For a concept that took two years to find a label willing to take a chance on releasing their album, My Darling Clementine, a collaboration between Birmingham’s Michael Weston-King and wife Lou Dalgleish, both acclaimed singer-songwriters in their own right, paying homage to the classic countrypolitan duets of George and Tammy and Dolly and Porter, is proving to have the last laugh.
Their debut album, How Do You Plead? was picked up by Drumfire and released in 2011, garnering hugely favourable reviews for songs such as Departure Lounge, Nothing Left To Say and Reserved For You And Me and the duo went on to win Americana act of the year at the British Country Music Awards. They now top the Google search results, above the classic John Ford western.
Having spurred international interest, the duo released a follow up, The Reconciliation?, this time via Continental Song City, which continued the theme of hurtin, lovin’ and cheatin’ as the couple played out the up and down nature of relationships, both in their songs and in the repartee of their live shows. Further critical acclaim and an ever-expanding fan base followed.

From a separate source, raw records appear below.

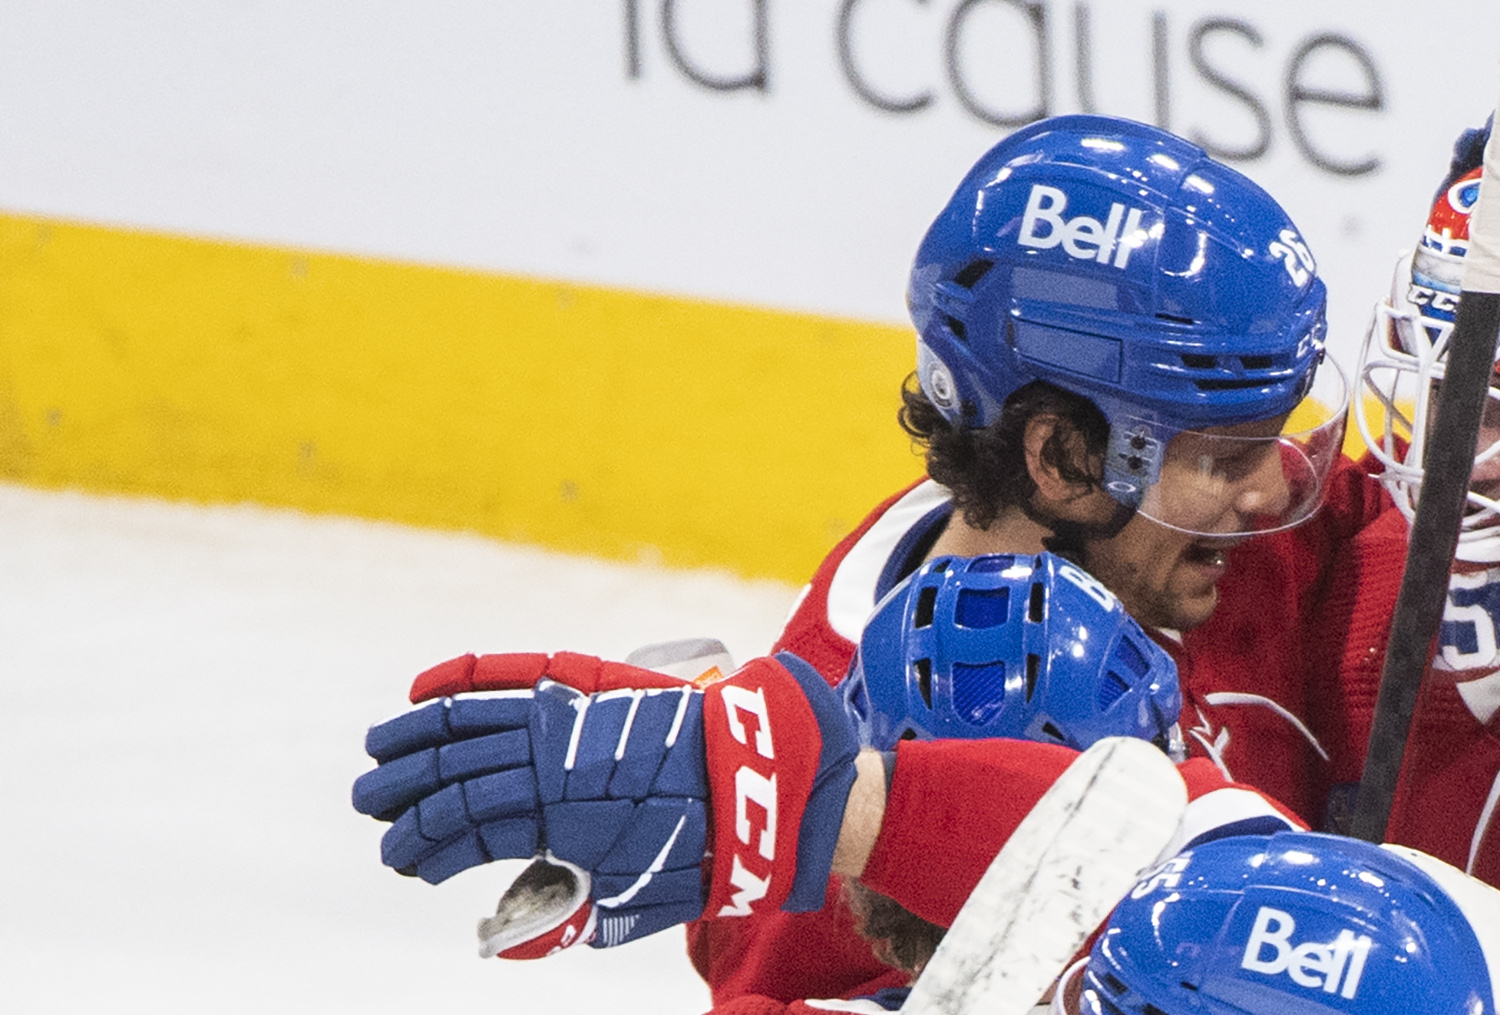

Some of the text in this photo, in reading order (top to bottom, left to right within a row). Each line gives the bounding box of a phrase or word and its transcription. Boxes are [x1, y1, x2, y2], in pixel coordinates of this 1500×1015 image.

[831, 0, 1386, 177] cause
[1018, 183, 1146, 270] Bell
[1268, 228, 1316, 288] 26
[1406, 283, 1463, 313] CC
[1441, 570, 1499, 670] 5
[715, 684, 779, 918] CCM
[1240, 906, 1374, 999] Bell
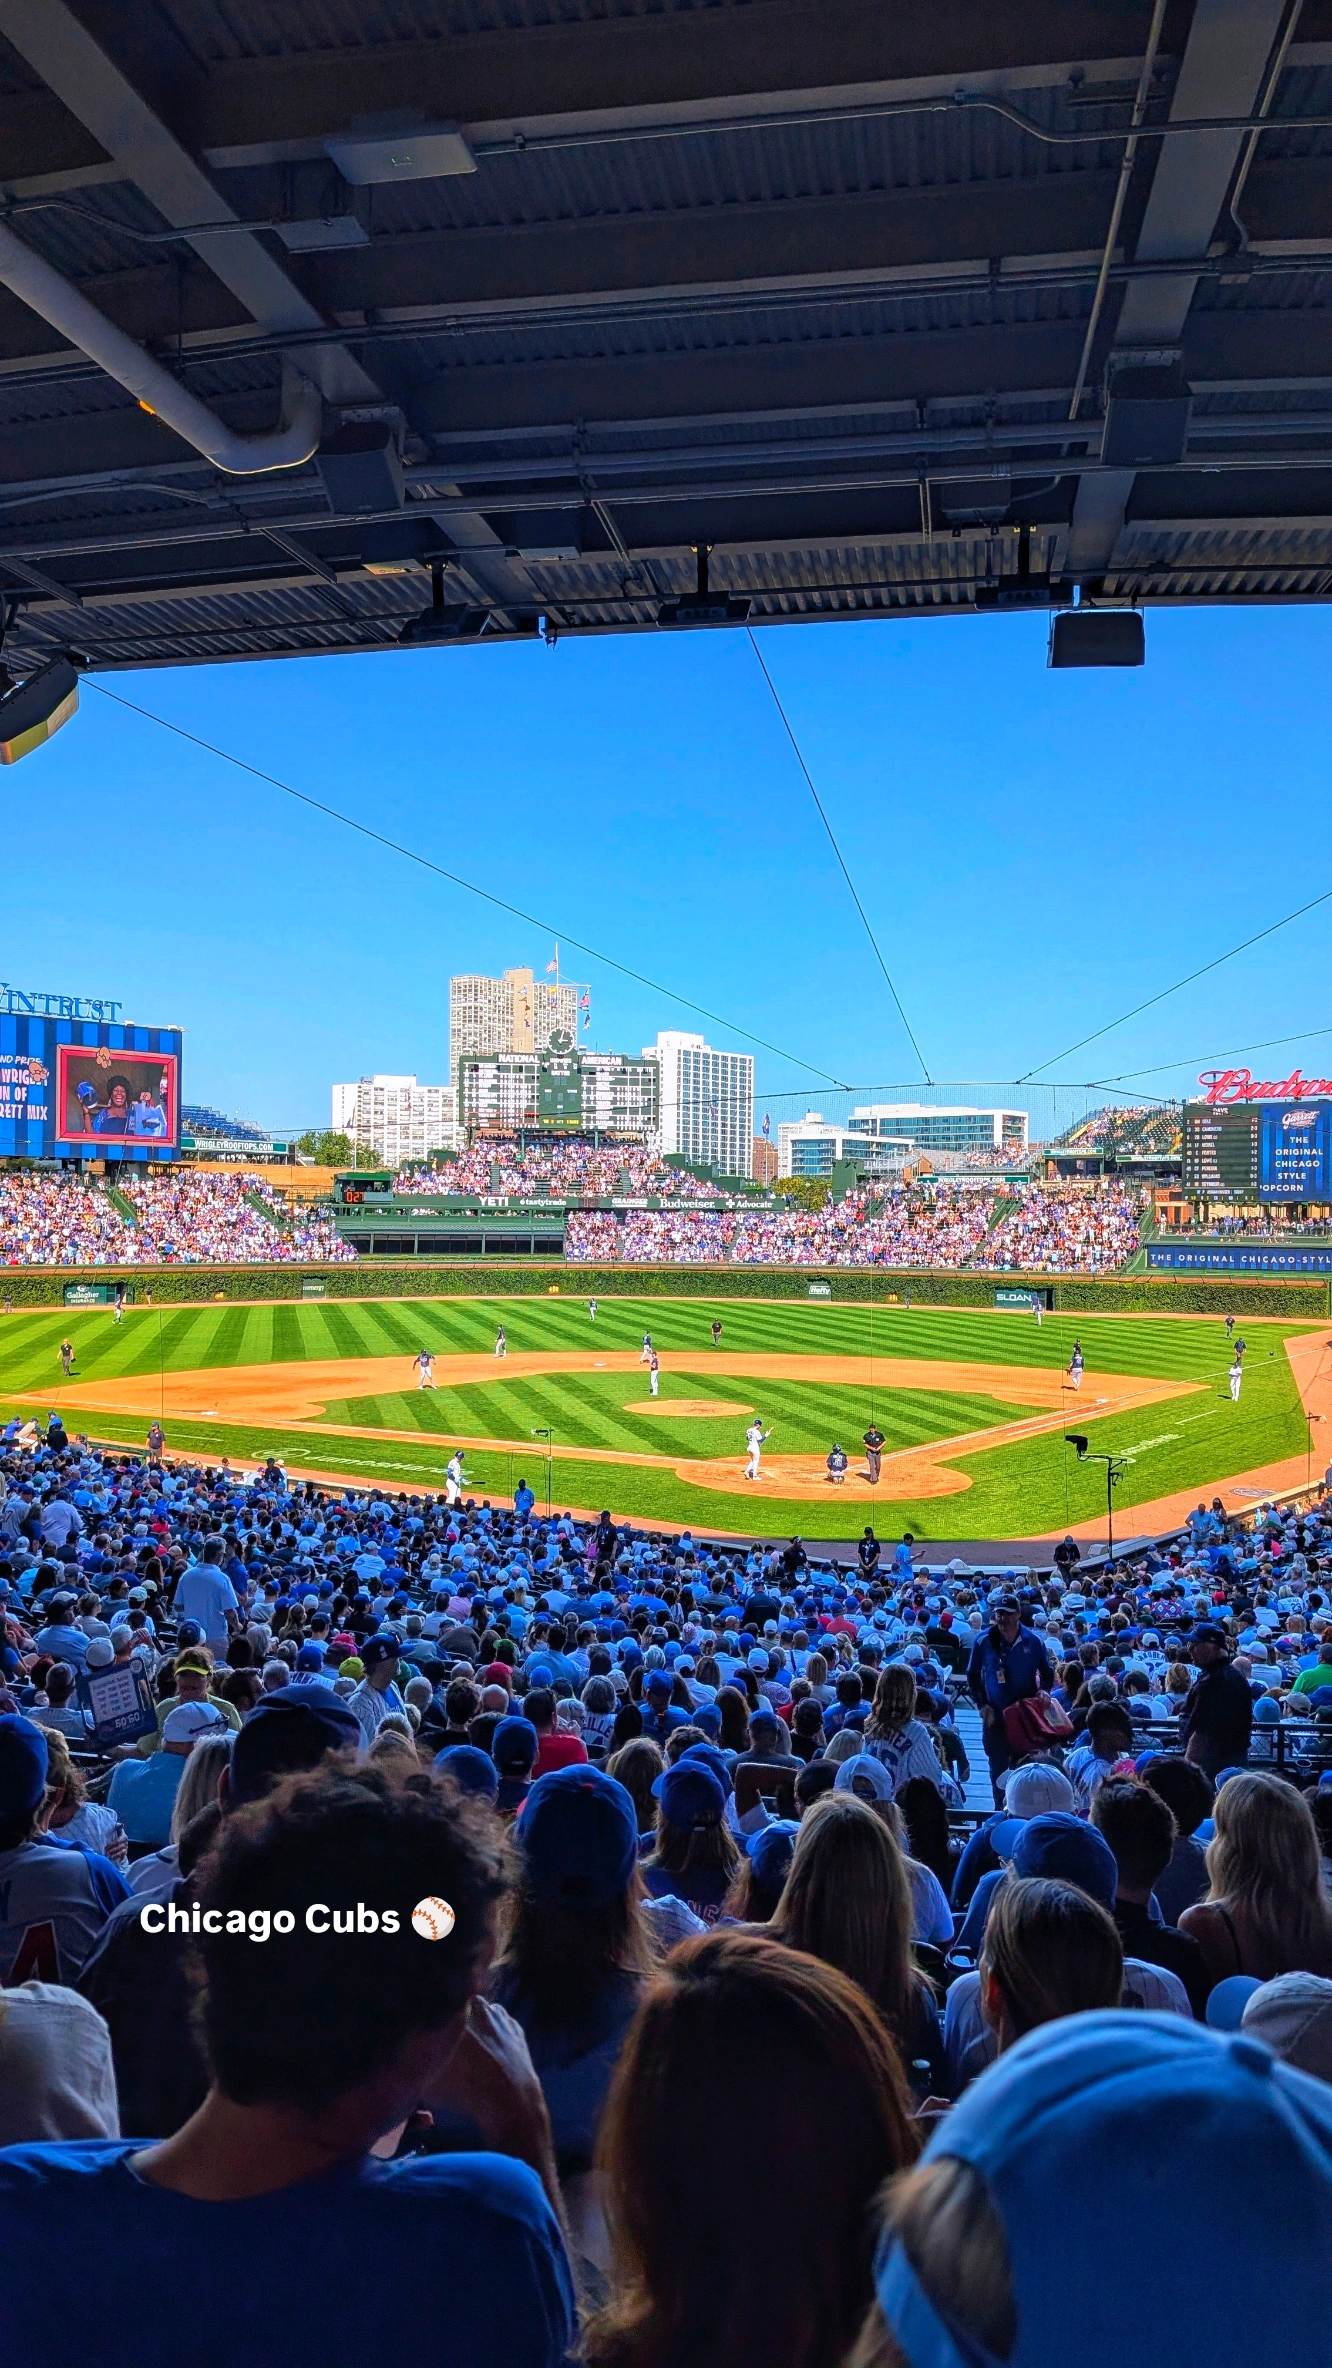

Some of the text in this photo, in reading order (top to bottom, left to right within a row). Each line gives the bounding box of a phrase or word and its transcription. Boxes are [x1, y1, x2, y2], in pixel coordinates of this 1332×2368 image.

[499, 1053, 540, 1063] NATIONAL
[582, 1056, 622, 1065] AMERICAN
[14, 1086, 28, 1101] OF
[27, 1105, 48, 1120] MIX
[1282, 1110, 1320, 1130] Garrett
[1290, 1136, 1309, 1144] THE
[195, 1140, 274, 1151] WRIGLEYROOFTOPS.COM
[1275, 1148, 1324, 1156] ORIGINAL
[1275, 1160, 1321, 1168] CHICAGO
[1278, 1172, 1307, 1180] STYLE
[479, 1196, 509, 1207] YETI
[525, 1198, 567, 1207] tastytrade
[736, 1200, 773, 1209] Advocate
[1151, 1253, 1172, 1261] THE
[1178, 1254, 1235, 1263] ORIGINAL
[66, 1291, 100, 1301] Gallagher
[996, 1293, 1032, 1302] SLOAN
[410, 1552, 420, 1562] 12
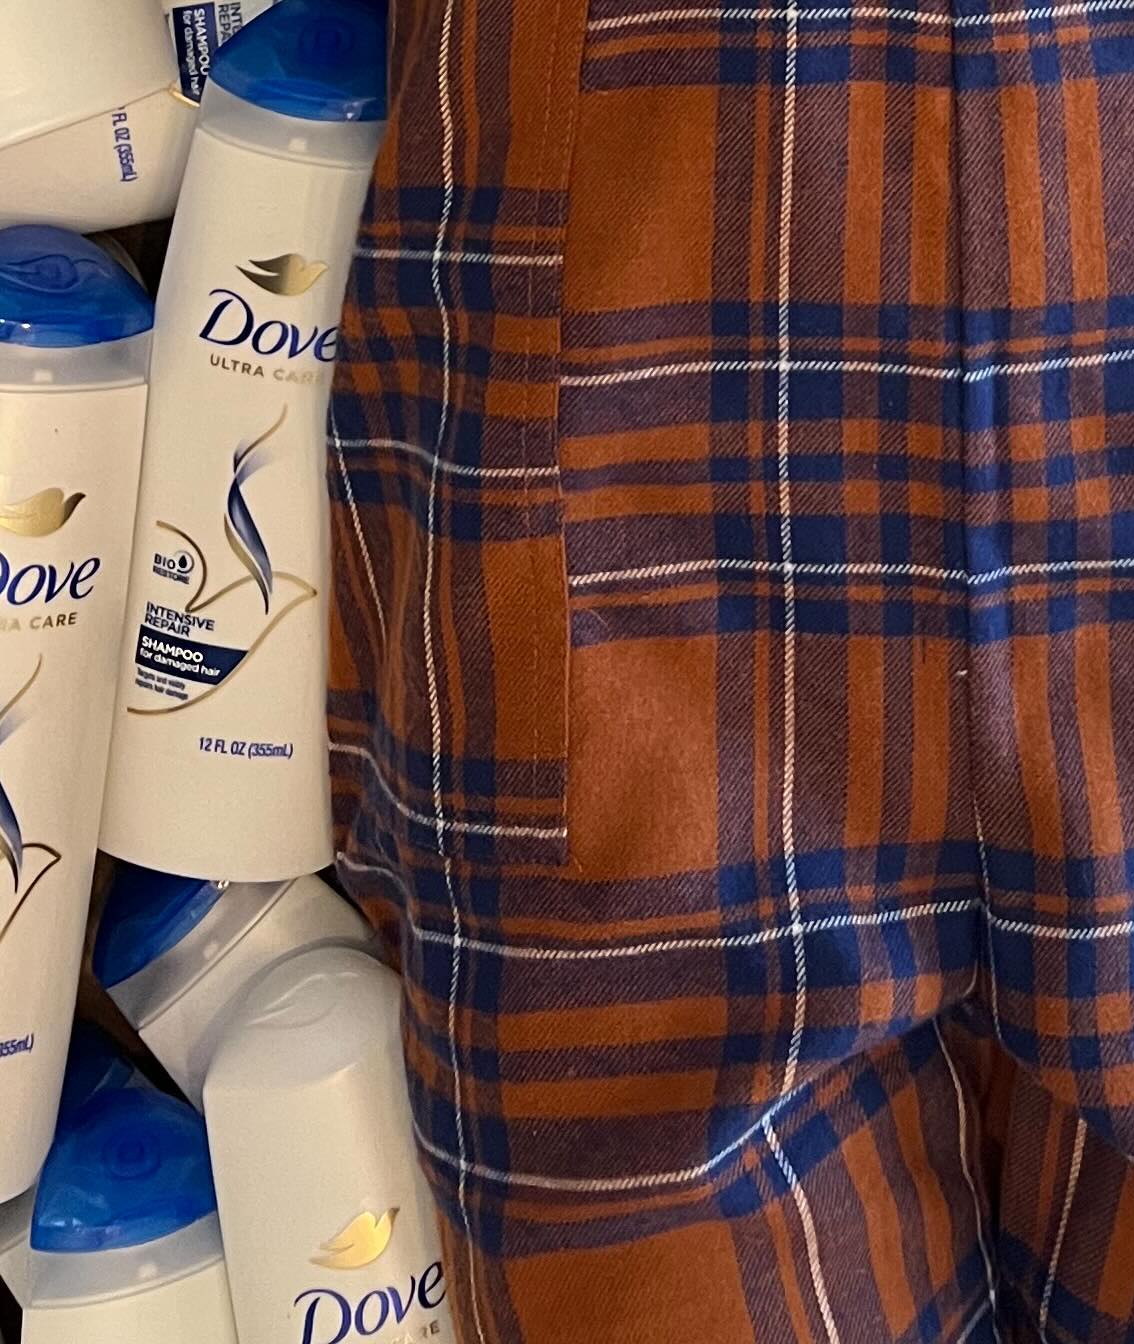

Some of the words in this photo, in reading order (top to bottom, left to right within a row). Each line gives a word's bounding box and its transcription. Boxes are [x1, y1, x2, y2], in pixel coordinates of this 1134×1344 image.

[112, 112, 128, 126] FL
[114, 127, 130, 142] OZ
[198, 288, 338, 363] Dove
[208, 353, 264, 378] ULTRA
[273, 368, 324, 386] CARE
[154, 553, 176, 570] BIO
[30, 612, 78, 630] CARE
[144, 614, 190, 638] REPAIR
[146, 600, 216, 632] INTENSIVE
[140, 646, 154, 661] for
[154, 652, 200, 674] damaged
[200, 664, 222, 678] hair
[142, 636, 204, 664] SHAMPOO
[200, 737, 212, 752] 12
[214, 738, 227, 754] FL
[230, 741, 246, 756] OZ
[248, 743, 294, 760] (355mL)
[294, 1261, 446, 1344] Dove
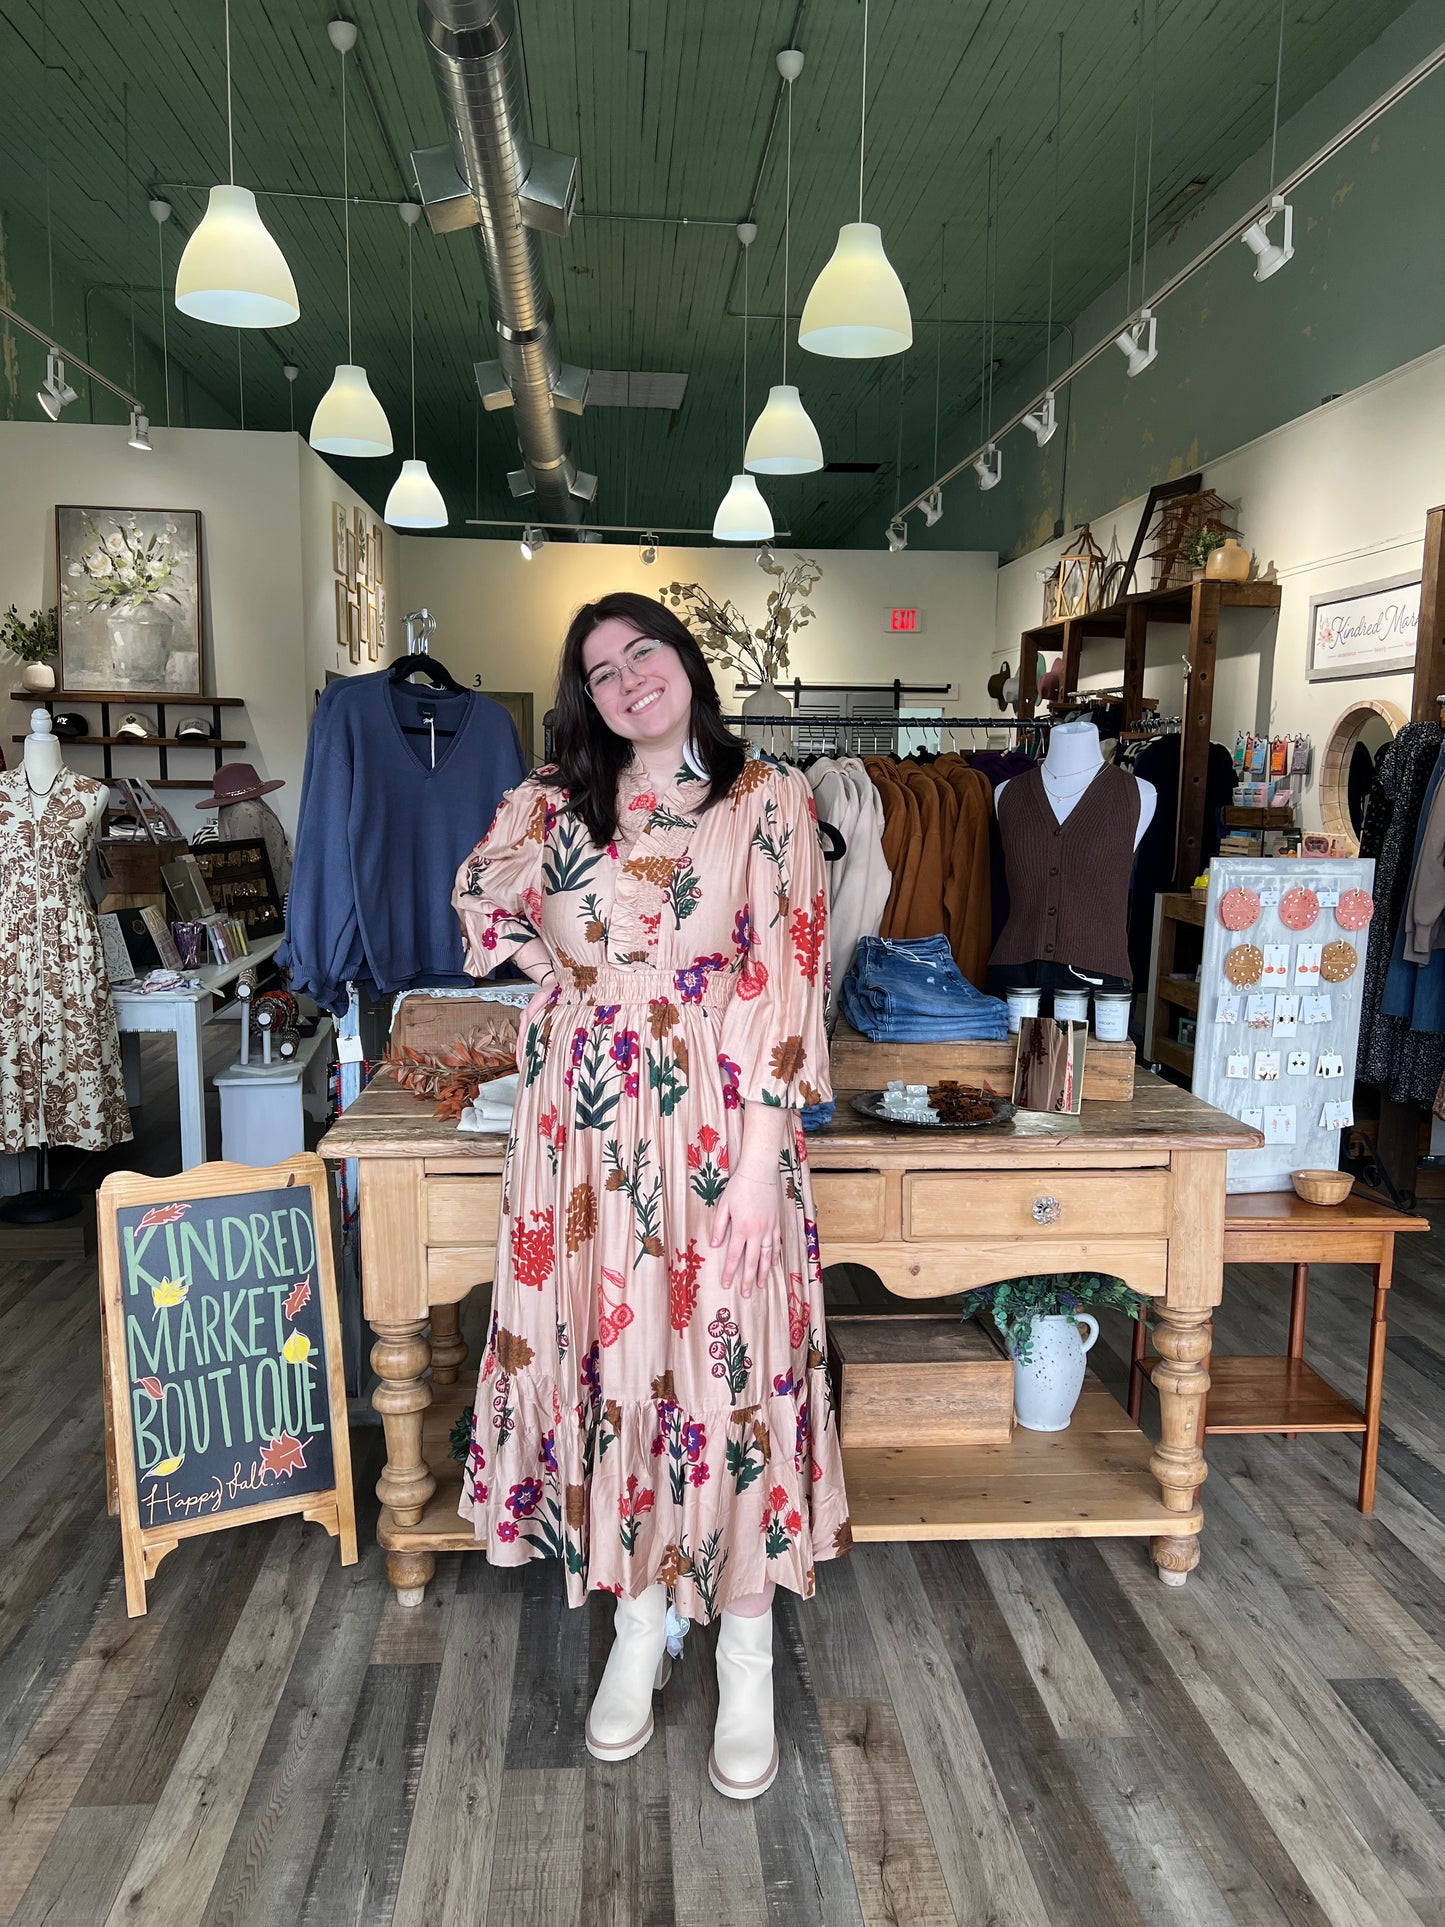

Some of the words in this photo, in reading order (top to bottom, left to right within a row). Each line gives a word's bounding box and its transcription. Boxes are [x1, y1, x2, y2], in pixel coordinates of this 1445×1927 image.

Among the admirers was Solihull-born Mark Billingham, the hugely successful crime and mystery novelist behind the best selling Tom Thorne series of detective fiction. As readers of the author will know, both Thorne and Billingham are big country music fans, so when his and My Darling Clementine’s paths inevitably crossed a friendship was struck and it was proposed that they work on a joint words and music performance project. The result was The Other Half, a new original story by Billingham, inspired by and woven around songs from the two albums, set in a rundown Memphis bar, not far from Sun Studios, where Marcia, a former Las Vegas showgirl, alone and estranged from her daughter, works double shifts to keep her head above water. The place is frequented by all sorts of lonely souls, each with their own story of grief, heartbreak and even murder to tell – or not – with Marcia ready to lend an ear or prompt as she lives her life vicariously through her customers.
Backdropped by visuals, the production features Billingham narrating, the duo interspersing the reading with the songs themselves, including two new numbers written specifically for the show and the storyline (as well as playing a second half set of originals and covers, Billingham himself taking to the mic for one number). It premiered in Biddulph last November and has been touring regularly at both theatres and festivals since then and is due at the Edinburgh Festival later this year.
Now, in response to public demand, it’s being released on CD by publishers Hachette Audio, a studio recording of the production that comes in a 6 panel digi-pack sleeve with a 32 page booklet of the short story and the song lyrics with Graham Parker and David Morrissey (who played Thorne in the TV series) joining Lou, Mike and his actress daughter Florence King to provide the different characters’ voices while the music is fleshed out with additional bass, piano, guitars and mandola and special guests The Brodsky Quartet providing the strings on No Matter What Tammy Said (I Won’t Stand By Him), a brilliantly conceived classic country song about domestic violence that links to the murder element of the storyline.
In addition to that and a brief snatch of By A Thread, lifted from the debut album, playing on the bar jukebox as the story opens, there’s six other songs linking into the different character’s stories; Going Back To Memphis (with a cascading melody line surely inspired by Dimitri Tiomkin’s Western scores) and, providing the show title, mini epic The Other Half (the pair trading verses on a Patsy Cline styled wrong man/wrong woman wedding song) are taken from the debut with the uptempo No Heart In This Heartache and the poignant twist in the tale I No Longer Take Pride from the sequel. The others are two purpose written songs, Friday Night At The Tulip Hotel, a waltzing MDC number about an illicit affair that ends in tears, and show closer As Precious As The Flame, written by Billingham about the love that lasts when the romance fades and how “the embers are as precious as the flame”.
By its very nature, it’s something to be listened to at one sitting (though you can always return to the songs separately), but it’s well worth setting aside an hour to share the bruised, broken and eventually redeemed lives the words and music so engagingly evoke. Now for the mini-series.